Per Prodi è «un fenomeno chiarissimo: la Brexit vince nei sobborghi popolari e non a Londra; Trump nel Mid West, certo non a New York o in California. E il Movimento Cinque Stelle? Vince nelle borgate romane, non ai Parioli». Tentazione di tornare in campo? Non lo escluderei. Una cosa è certa, però: siamo a uno snodo storico enorme, sia a livello politico che, soprattutto, delle dinamiche economiche globali. Non saperlo interpretare e dominare sarebbe un errore mortale per un’Europa che già oggi appare sull’orlo di una crisi d’identità finale: mi chiedo, è Jean-Claude Juncker l’uomo giusto per governare una transizione simile? Avete sentito una singola parola uscire dalla sua bocca che non fosse una mera reazione di pancia alle provocazioni protezionistiche di Trump? Davvero possiamo permetterci, in un momento simile, di trattare la Russia come un nemico e non un alleato o, quantomeno, un partner?
Romano Prodi non ha una ragione, ne ha cento. Il problema è che se manca la volontà politica e a prevalere sono le regole dei clan, quello del Nord Europa guidato dalla Germana avrà sempre la meglio e sappiamo benissimo che Angela Merkel ha un’unica priorità in mente: vincere le elezioni di settembre e salvarsi la pelle politicamente. Possiamo permetterci otto mesi di immobilismo o navigazione a vista per non scomodare troppo il governo tedesco? Oltretutto con due appuntamenti ormai alle porte come le elezioni in Olanda e le presidenziali francesi.

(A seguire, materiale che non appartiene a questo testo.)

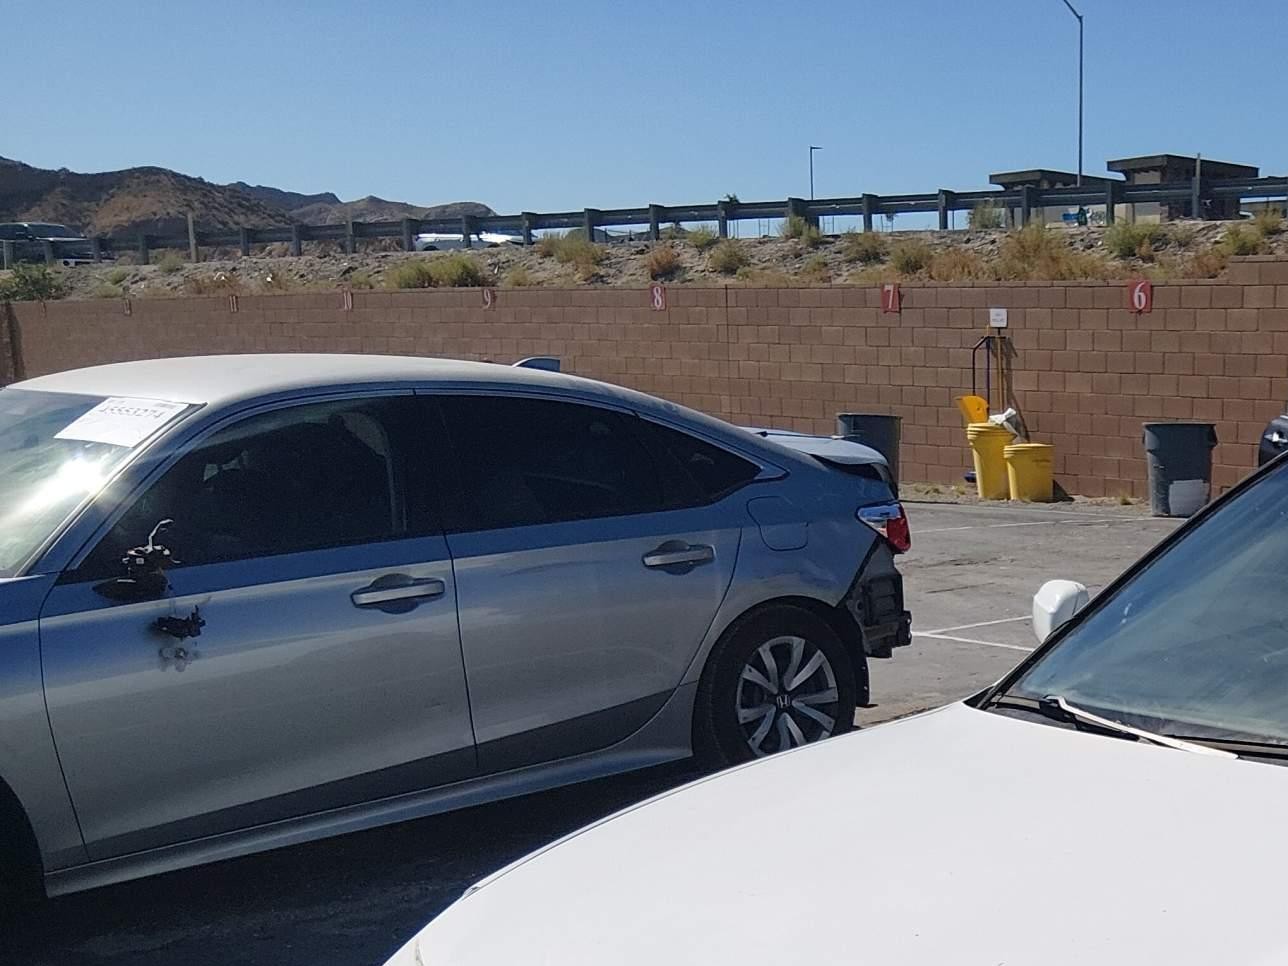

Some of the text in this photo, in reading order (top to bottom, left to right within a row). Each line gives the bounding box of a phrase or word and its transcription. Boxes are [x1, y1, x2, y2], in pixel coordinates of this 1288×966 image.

[229, 295, 238, 313] 11
[343, 289, 352, 311] 10
[483, 288, 492, 311] 9
[652, 285, 662, 309] 8
[883, 284, 894, 309] 7
[1133, 280, 1146, 310] 6
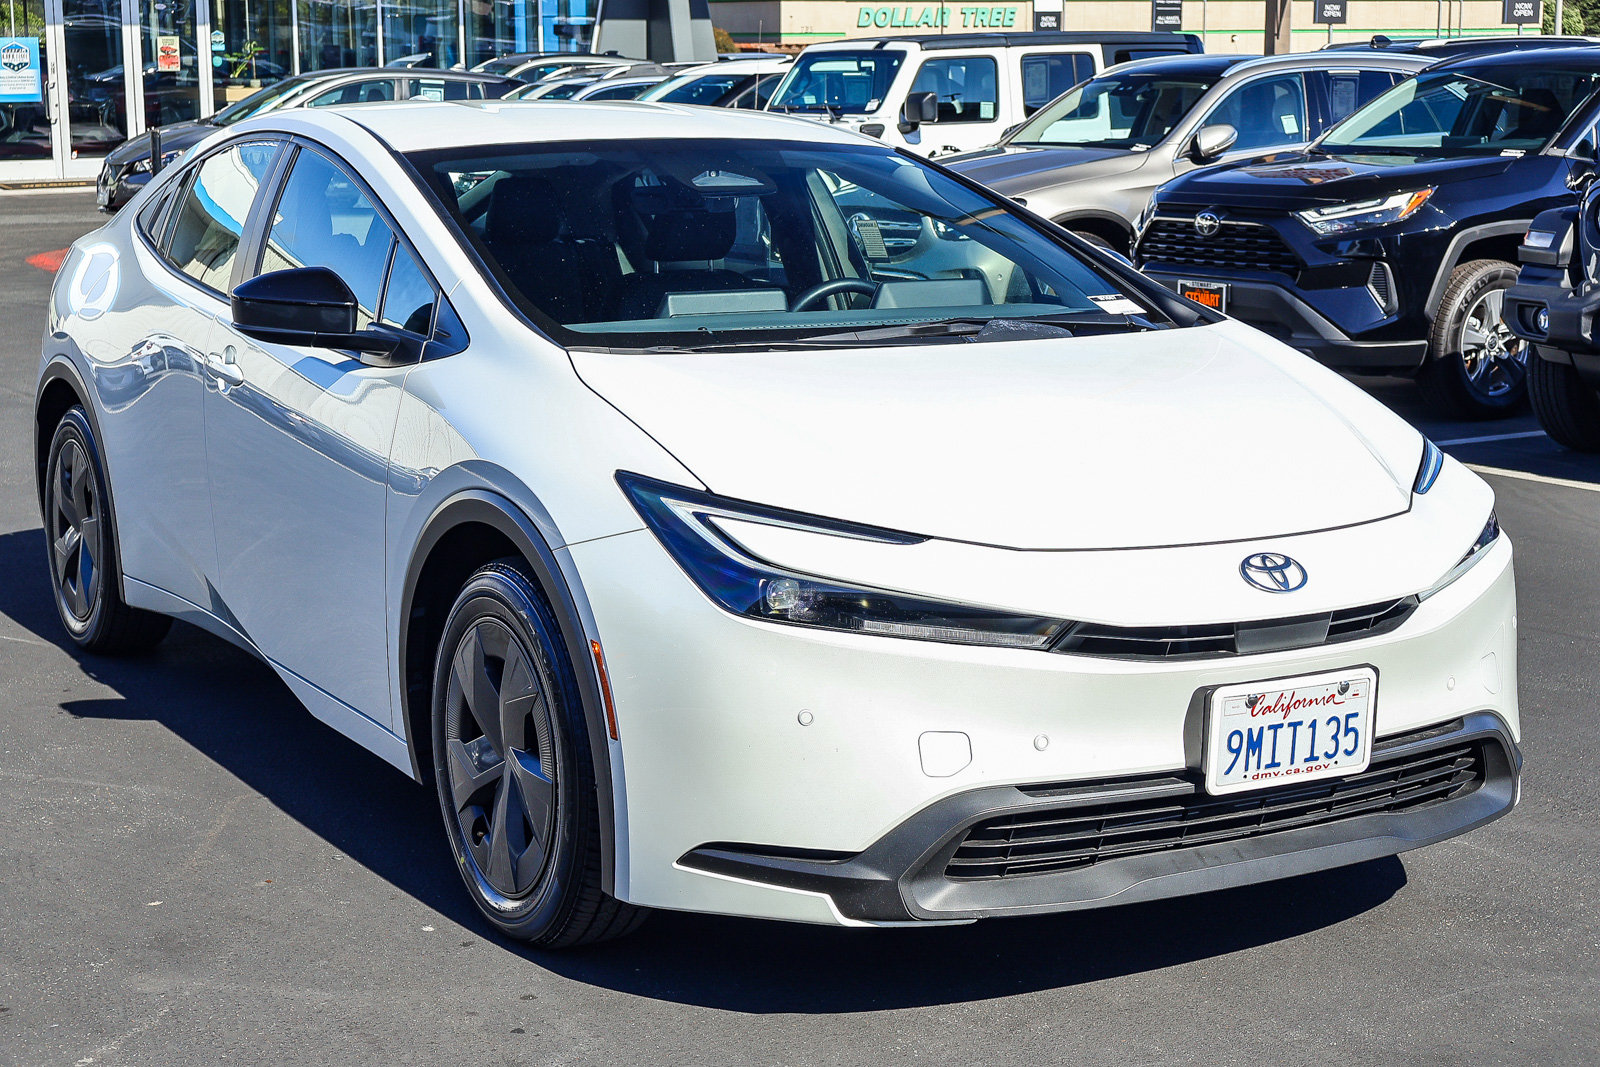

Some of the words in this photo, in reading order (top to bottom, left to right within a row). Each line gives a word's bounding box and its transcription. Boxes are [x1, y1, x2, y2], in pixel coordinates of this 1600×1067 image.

[857, 7, 950, 28] DOLLAR
[961, 7, 1017, 28] TREE
[1460, 274, 1490, 312] KELLY
[1251, 688, 1345, 720] California
[1224, 712, 1360, 776] 9MIT135
[1252, 763, 1331, 780] dmv.ca.gov

Occorre darsi un’agenda e avere una sola voce, la quale dovrebbe parlare forte e chiaro con Trump da subito, mettendo le cose in chiaro: come vedete, infatti, il presidente Usa sembra non contemplare nemmeno l’Ue come interlocutore, non avendo in agenda alcun incontro ufficiale o viaggio diplomatico, cosa che invece ha già organizzato con quello che sarà il suo partner privilegiato, Israele.
Per quanto sia lontano anni luce dal mio modo di pensare, questa volta Romano Prodi ha colto nel segno: in un momento simile, inazione politica ed economica significano la fine. Qualcuno batta un colpo: il problema è capire chi sia in grado e disposto a farlo.